By Paul Roberts
Special to The PREVIEW
Join musician and music therapist Paul Roberts for a free hand-drumming class at the Pagosa Lakes Clubhouse on Tuesday, July 31, at noon.
The class offers a welcoming environment that encourages fun, creativity, playfulness and connecting with others. Drums are provided for those who do not have one. Designed as an opportunity for people of all ages to unleash their creativity, the drumming class is a family-friendly activity open to all ages. No previous experience is necessary.
A boy who yearns for a drum forms the basis of a folktale from India. The boy felt the beat of the drum deep inside his heart, but his mother was too poor to buy him a drum, so she gave him a stick instead. While playing with his stick, he noticed that an old woman was having trouble lighting her stove, so he gave her his stick, which got the stove going. To thank him, she gave him a chapati.
The boy came upon a mother and her hungry child, and he gave them his chapati. The mother, whose husband was the potter, thanked him by giving him a large pot.
As he walked along, the boy heard a couple quarreling. They were in a fix because the wife had broken the pot they had used for washing clothes. The boy gave them his large pot. In return, the couple gave him a warm coat.
Later, the boy met a man who had been attacked by robbers who had helped themselves to just about everything he had, including his shirt. The boy gave the man his warm coat. The man rewarded him with a strong horse that, luckily, the robbers hadn’t noticed.
After some time, the boy came upon a wedding party where everyone was in distress because they didn’t have a horse for the wedding procession. He gave them his horse and they rewarded with a drum — what he had longed for all along. The boy ran home to play a song for his mother, a song from deep inside his heart.
This folktale intertwines empathy with music, a concept that many scholars, educators and philosophers have been fascinated by and which a considerable amount of scientific research now supports.

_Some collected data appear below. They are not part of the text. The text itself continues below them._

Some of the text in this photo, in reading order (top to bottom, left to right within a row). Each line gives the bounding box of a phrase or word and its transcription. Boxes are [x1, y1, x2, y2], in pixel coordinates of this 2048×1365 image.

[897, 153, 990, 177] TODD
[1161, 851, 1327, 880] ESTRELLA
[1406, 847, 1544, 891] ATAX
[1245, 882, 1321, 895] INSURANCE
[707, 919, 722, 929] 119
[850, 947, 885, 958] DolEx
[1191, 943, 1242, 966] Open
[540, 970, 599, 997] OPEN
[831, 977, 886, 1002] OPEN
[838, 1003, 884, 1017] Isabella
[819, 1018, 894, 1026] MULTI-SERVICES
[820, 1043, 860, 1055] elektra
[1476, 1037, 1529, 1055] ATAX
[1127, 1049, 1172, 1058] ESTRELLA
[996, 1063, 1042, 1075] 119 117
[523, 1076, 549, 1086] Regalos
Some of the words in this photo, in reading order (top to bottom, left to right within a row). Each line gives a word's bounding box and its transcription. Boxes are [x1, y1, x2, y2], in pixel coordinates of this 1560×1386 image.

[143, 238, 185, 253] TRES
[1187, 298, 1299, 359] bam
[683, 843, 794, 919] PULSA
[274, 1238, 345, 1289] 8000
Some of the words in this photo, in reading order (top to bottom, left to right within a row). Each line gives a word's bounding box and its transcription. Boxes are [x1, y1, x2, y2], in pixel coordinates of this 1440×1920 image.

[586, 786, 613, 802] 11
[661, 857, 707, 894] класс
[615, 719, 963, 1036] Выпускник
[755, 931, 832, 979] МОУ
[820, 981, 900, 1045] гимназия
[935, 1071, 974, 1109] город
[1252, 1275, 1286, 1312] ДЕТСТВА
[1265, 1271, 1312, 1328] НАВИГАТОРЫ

In his book, “Defining Music Therapy,” author Kenneth E. Bruscia writes, “Music is a medium par excellence for empathy. In fact, in many ways, it is unmatched by any other medium. When we sing the same song together, we live in the same melody, we share the same tonal center, we articulate the same lyrics, we move ahead according to the same rhythm — moment by moment, sound by sound, through an ongoing awareness of the other, and through continuing efforts to stay together and thereby become one within the experience.”
Can participation in a hand-drumming class enhance emotional empathy? After 40 consecutive classes, purely anecdotal evidence veers toward the affirmative.
Immersed in the nonverbal language of music, participants develop the ability to experience each other’s emotional states. In a mutually beneficial atmosphere of good-natured reciprocity, the class demonstrates that music is a powerful medium for social interaction. Getting into the groove with others through music, we attune to each other empathetically.